Guinée-Bissau : le Parlement de transition renforce les pouvoirs du Président
14 janvier 2026Le Parlement de transition de Guinée-Bissau a adopté, mardi, une révision majeure de la Constitution de la République, renforçant les pouvoirs du Président de la République, désormais Chef du gouvernement, tout en maintenant le système semi-présidentiel. Cette réforme intervient trente ans après la dernière modification constitutionnelle opérée en 1995.
L’annonce a été faite par le porte-parole du Conseil national de transition (CNT) lors d’une conférence de presse tenue à Bissau.
« Après 30 ans sans révision constitutionnelle dans le pays, marqués par de nombreux dysfonctionnements liés aux instruments juridiques, le Conseil national de transition vient d’adopter la révision de la loi fondamentale de 1995 », a-t-il déclaré.
Cette réforme constitutionnelle s’inscrit dans un contexte politique particulier. Depuis le 27 novembre dernier, la Guinée-Bissau est dirigée par un Haut commandement militaire, à la suite du renversement du président Umaro Sissoco Embalo. Le coup d’État est survenu à la veille de la proclamation des résultats de l’élection présidentielle du 23 novembre, interrompant ainsi le processus électoral en cours.
Adoptée initialement en 1973 lors de la proclamation de l’indépendance, le 24 septembre, la Constitution bissau-guinéenne avait déjà connu des révisions en 1984, 1991 et 1995.
Parmi les principales innovations du texte révisé figure la restructuration du préambule, visant à atténuer les références idéologiques d’inspiration révolutionnaire. L’objectif, selon le CNT, est de faire de la Constitution « celle de tous les Guinéens et non d’un parti politique particulier ».
Sur le plan institutionnel, le texte maintient le système semi-présidentiel bicéphale, mais renforce de manière significative les prérogatives du Président de la République. Celui-ci devient désormais Chef du gouvernement, dirige l’exécutif et préside le Conseil des ministres, tout en conservant son statut de Chef de l’État. Le Premier ministre, placé sous son autorité, coordonne l’action gouvernementale sous sa supervision.

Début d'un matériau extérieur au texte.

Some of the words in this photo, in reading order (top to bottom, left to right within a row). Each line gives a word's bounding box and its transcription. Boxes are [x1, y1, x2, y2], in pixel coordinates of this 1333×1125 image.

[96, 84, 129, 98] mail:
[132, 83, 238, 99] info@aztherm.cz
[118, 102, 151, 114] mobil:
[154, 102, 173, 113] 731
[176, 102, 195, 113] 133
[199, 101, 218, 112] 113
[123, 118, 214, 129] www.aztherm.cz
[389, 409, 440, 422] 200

Le gouvernement conserve une double responsabilité politique, à la fois devant le Président de la République et devant le Parlement. Ce dernier, désormais dénommé Assemblée nationale, conserve ses instruments de contrôle, notamment les motions de censure et de confiance.

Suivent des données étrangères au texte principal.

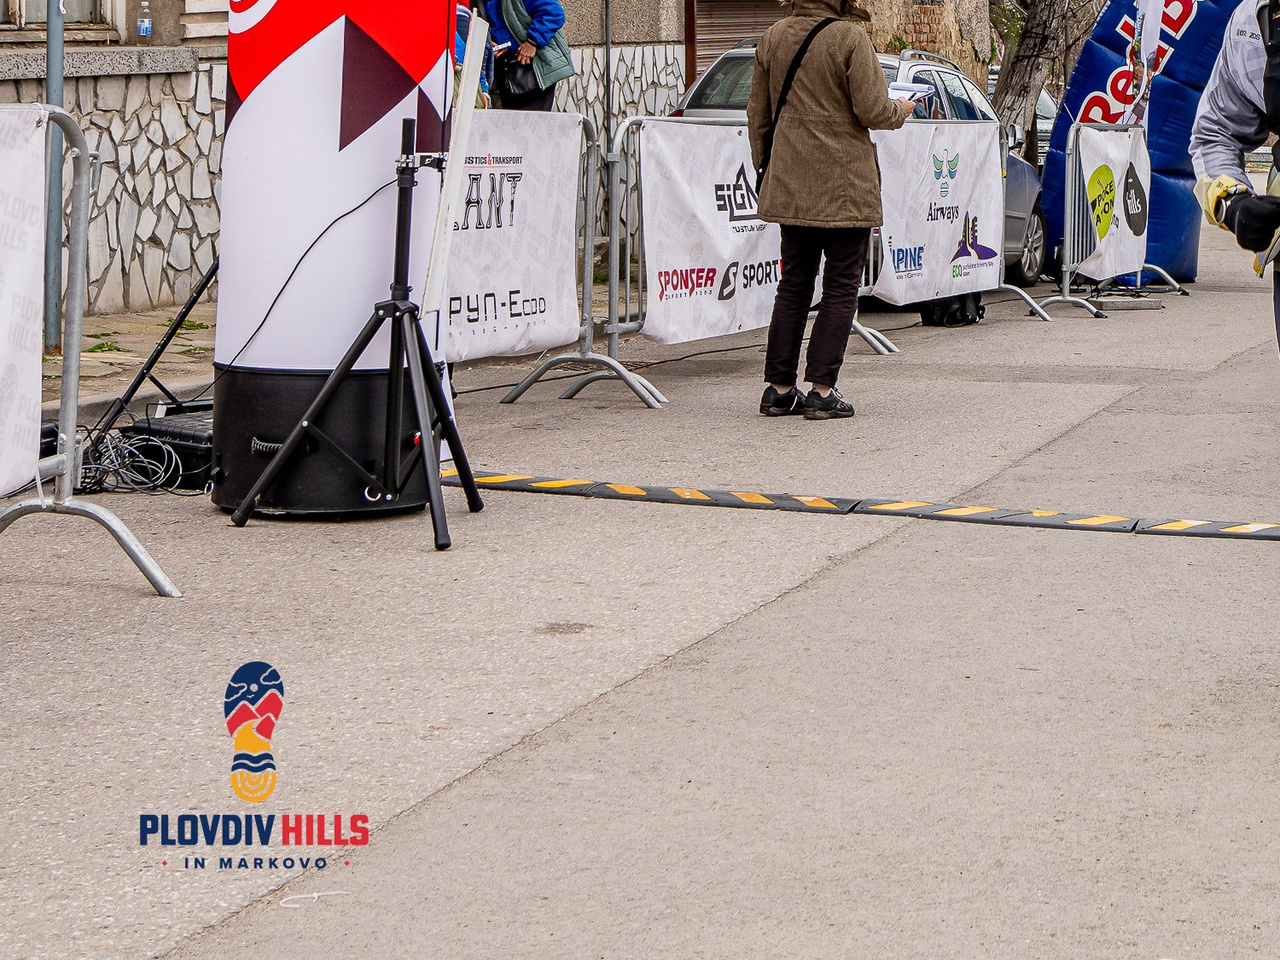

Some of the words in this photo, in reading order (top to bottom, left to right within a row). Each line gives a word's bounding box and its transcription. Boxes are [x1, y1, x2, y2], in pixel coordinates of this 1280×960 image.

[927, 203, 959, 224] Airways
[658, 268, 716, 302] SPONSER
[743, 260, 779, 289] SPORT

En matière de relations entre les institutions, le Président de la République maintient un contrôle déterminant sur le gouvernement, avec le pouvoir de nommer et de révoquer le Premier ministre, après consultation des partis représentés à l’Assemblée nationale. Il conserve également le droit de dissoudre cette dernière, conformément à l’article 79 de la Constitution révisée.
L’Assemblée nationale, de son côté, garde ses prérogatives législatives et de contrôle, notamment l’approbation du programme gouvernemental et l’audition obligatoire des membres du gouvernement.
« Il n’y a pas de grandes modifications dans la Constitution. Ce qui change, c’est la clarification des pouvoirs », a conclu le porte-parole du Conseil national de transition, soulignant que la réforme vise à prévenir les conflits de compétences entre les acteurs politiques.